[REQUIRED ACTION]:
Write back every entry exactly as it reads, with the pictures left behind.

Recorded data:

»»

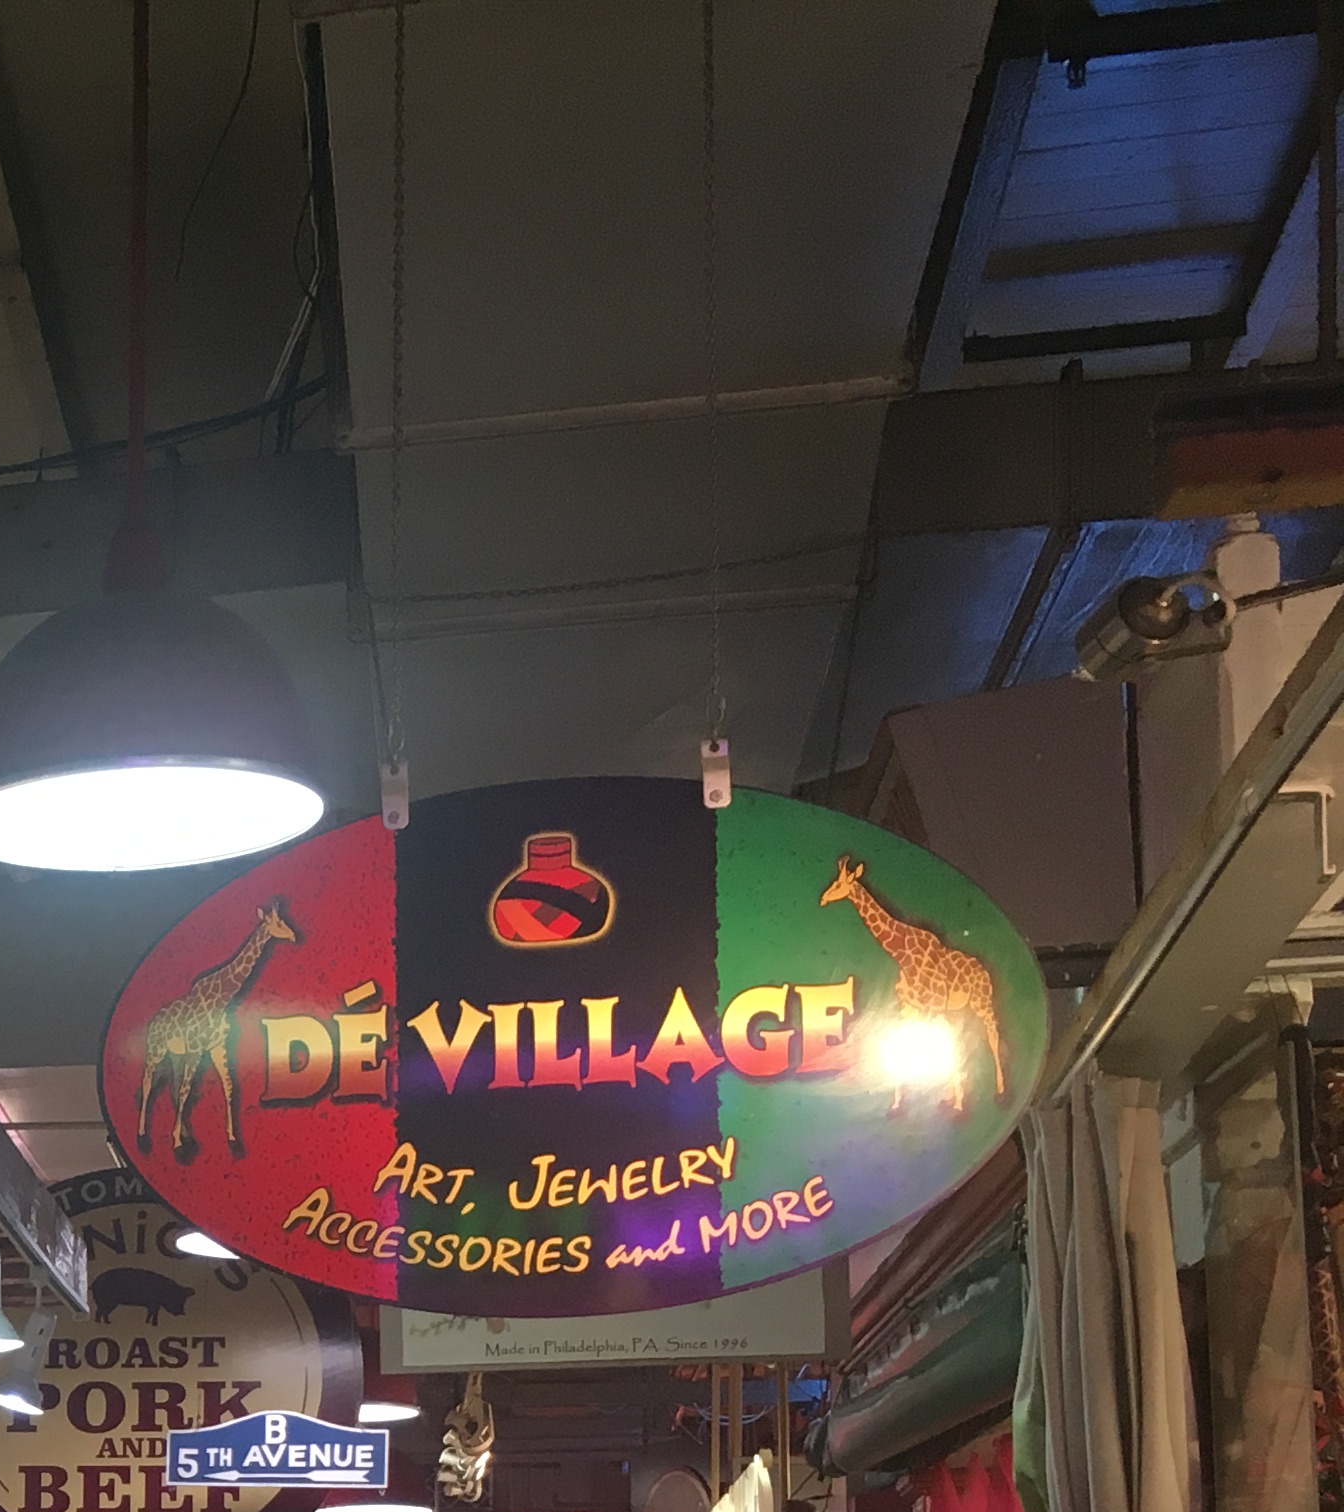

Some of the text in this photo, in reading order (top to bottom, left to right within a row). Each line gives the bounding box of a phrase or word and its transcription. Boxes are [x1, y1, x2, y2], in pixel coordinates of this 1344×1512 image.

[261, 976, 854, 1107] DÉ VILLAGE
[509, 1137, 737, 1210] JEWELRY
[283, 1174, 834, 1275] ACCESSORIES and MORE
[45, 1336, 226, 1370] ROAST
[484, 1341, 524, 1357] Made
[528, 1342, 540, 1355] in
[544, 1339, 629, 1359] Philadelphia,
[666, 1336, 708, 1351] Since
[713, 1336, 748, 1350] 1996
[6, 1380, 262, 1433] PORK
[264, 1415, 287, 1444] B
[95, 1437, 166, 1459] AND
[242, 1443, 374, 1469] AVENUE
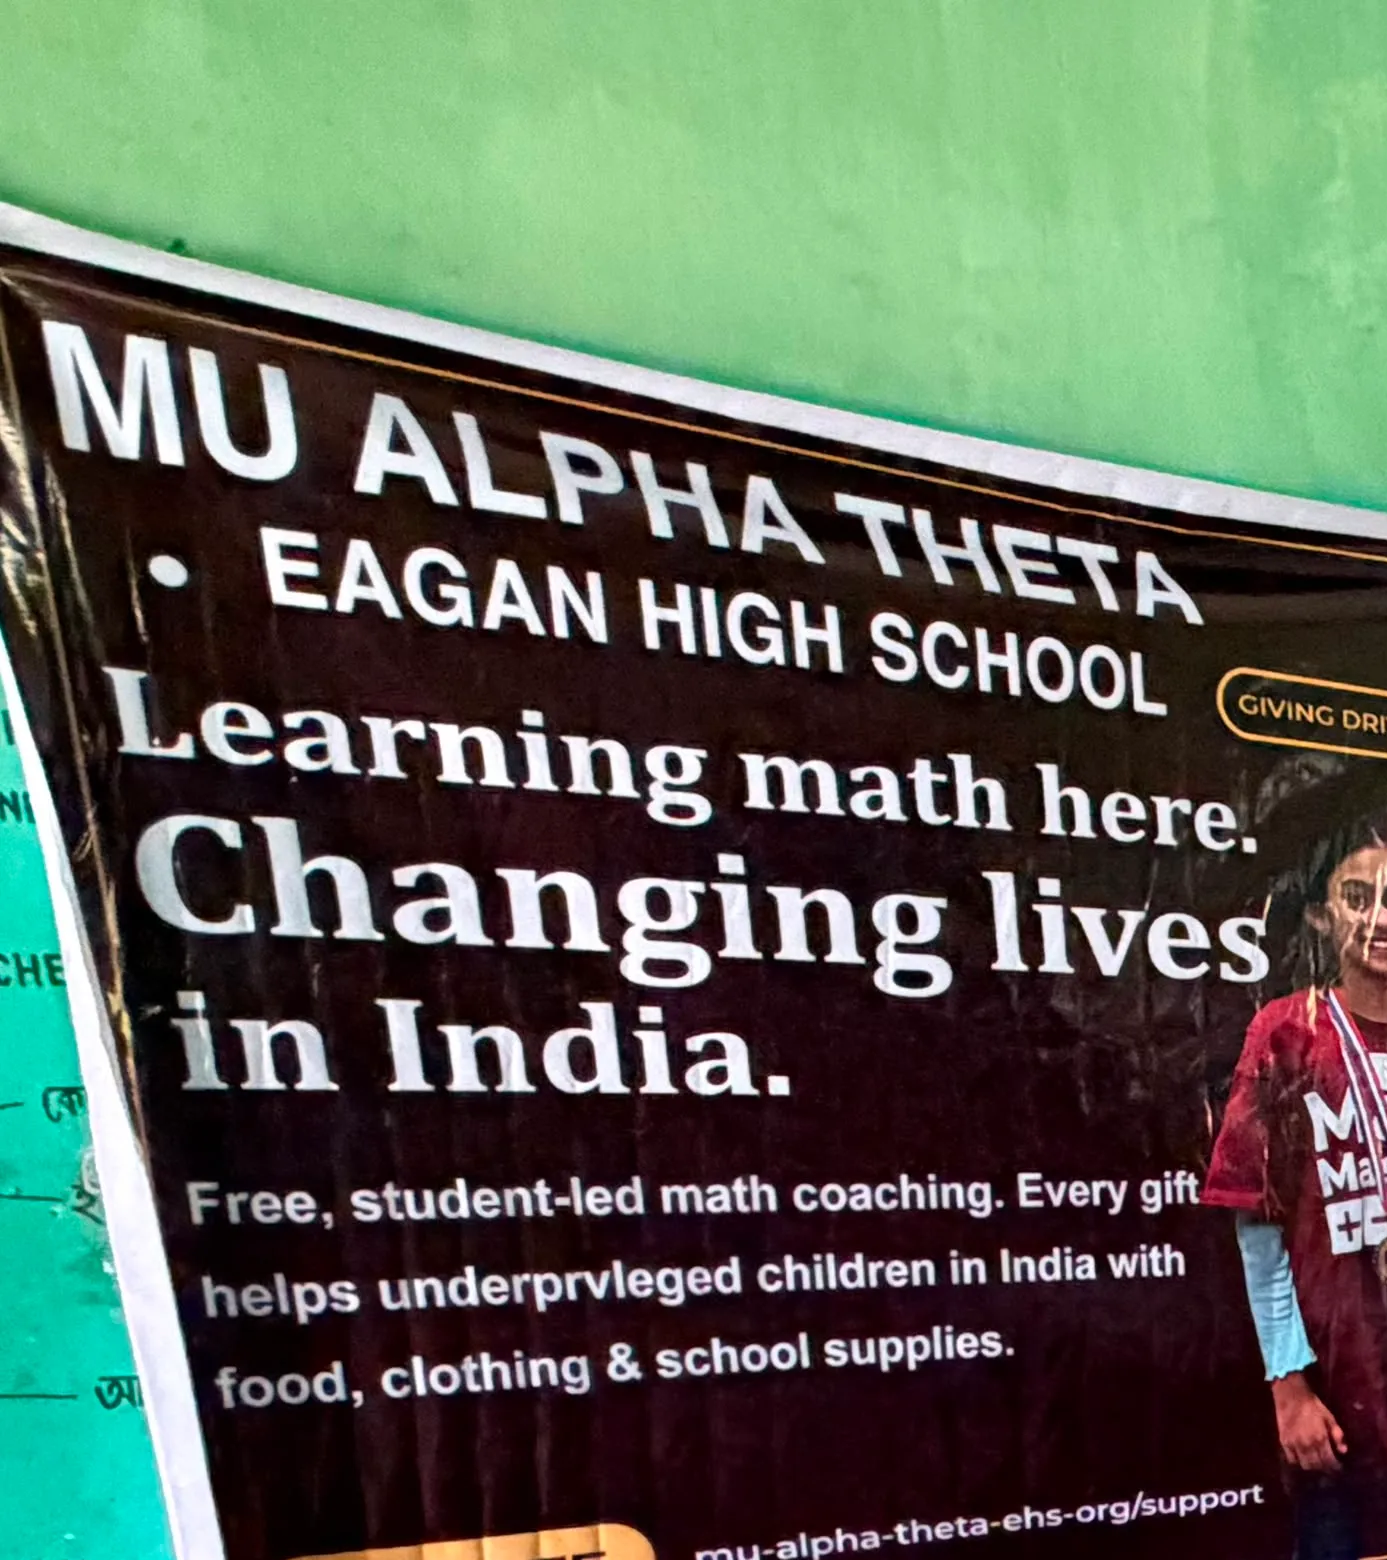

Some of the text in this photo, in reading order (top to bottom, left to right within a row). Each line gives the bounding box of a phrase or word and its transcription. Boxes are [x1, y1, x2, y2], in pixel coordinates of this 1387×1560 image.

[41, 319, 1204, 626] MU ALPHA THETA
[259, 525, 1167, 717] EAGAN HIGH SCHOOL
[1238, 693, 1335, 727] GIVING
[102, 666, 713, 827] Learning
[738, 752, 1013, 832] math
[1035, 762, 1258, 854] here.
[135, 813, 1270, 999] Changing lives
[0, 951, 67, 988] CHE
[171, 990, 791, 1096] in India.
[186, 1169, 1200, 1230] Free, student-led math coaching. Every gift
[202, 1243, 1186, 1324] helps underprvleged children in India with
[215, 1325, 1014, 1409] food, clothing & school supplies.
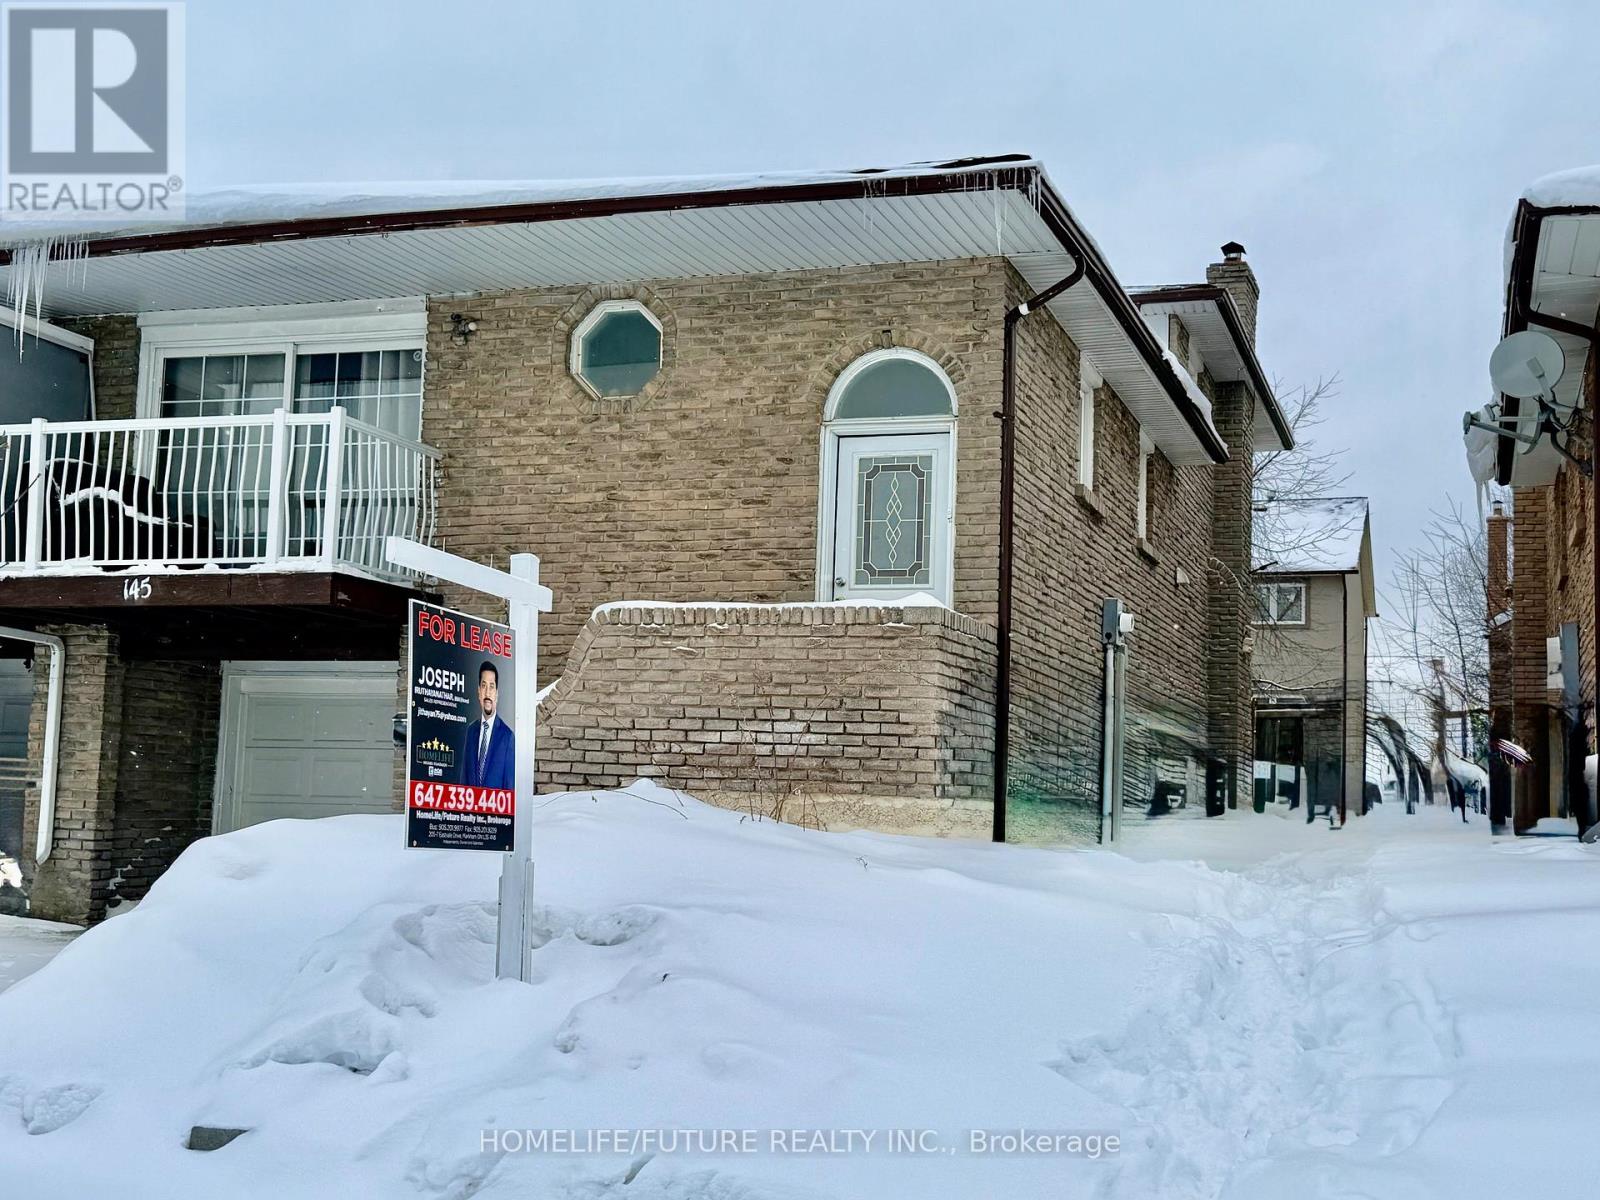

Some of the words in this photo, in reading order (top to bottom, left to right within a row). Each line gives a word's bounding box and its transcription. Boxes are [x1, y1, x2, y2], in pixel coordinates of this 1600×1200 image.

[123, 576, 152, 600] 145
[418, 611, 456, 645] FOR
[460, 622, 512, 660] LEASE
[418, 665, 465, 693] JOSEPH
[414, 782, 512, 814] 647.339.4401
[460, 813, 476, 824] Realty
[487, 815, 512, 826] Brokerage

««

[OUTPUT]:
Some of the text in this photo, in reading order (top to bottom, left to right within a row). Each line gives the bounding box of a phrase or word and its transcription. Boxes are [x1, y1, x2, y2], in pixel coordinates of this 1344×1512 image.

[261, 976, 854, 1107] DÉ VILLAGE
[509, 1137, 737, 1210] JEWELRY
[283, 1174, 834, 1275] ACCESSORIES and MORE
[45, 1336, 226, 1370] ROAST
[484, 1341, 524, 1357] Made
[528, 1342, 540, 1355] in
[544, 1339, 629, 1359] Philadelphia,
[666, 1336, 708, 1351] Since
[713, 1336, 748, 1350] 1996
[6, 1380, 262, 1433] PORK
[264, 1415, 287, 1444] B
[95, 1437, 166, 1459] AND
[242, 1443, 374, 1469] AVENUE

Some of the text in this photo, in reading order (top to bottom, left to right within a row). Each line gives the bounding box of a phrase or word and its transcription. Boxes are [x1, y1, x2, y2], in pixel coordinates of this 1387×1560 image.

[41, 319, 1204, 626] MU ALPHA THETA
[259, 525, 1167, 717] EAGAN HIGH SCHOOL
[1238, 693, 1335, 727] GIVING
[102, 666, 713, 827] Learning
[738, 752, 1013, 832] math
[1035, 762, 1258, 854] here.
[135, 813, 1270, 999] Changing lives
[0, 951, 67, 988] CHE
[171, 990, 791, 1096] in India.
[186, 1169, 1200, 1230] Free, student-led math coaching. Every gift
[202, 1243, 1186, 1324] helps underprvleged children in India with
[215, 1325, 1014, 1409] food, clothing & school supplies.

Some of the words in this photo, in reading order (top to bottom, left to right within a row). Each line gives a word's bounding box and its transcription. Boxes are [x1, y1, x2, y2], in pixel coordinates of this 1600×1200 image.

[123, 576, 152, 600] 145
[418, 611, 456, 645] FOR
[460, 622, 512, 660] LEASE
[418, 665, 465, 693] JOSEPH
[414, 782, 512, 814] 647.339.4401
[460, 813, 476, 824] Realty
[487, 815, 512, 826] Brokerage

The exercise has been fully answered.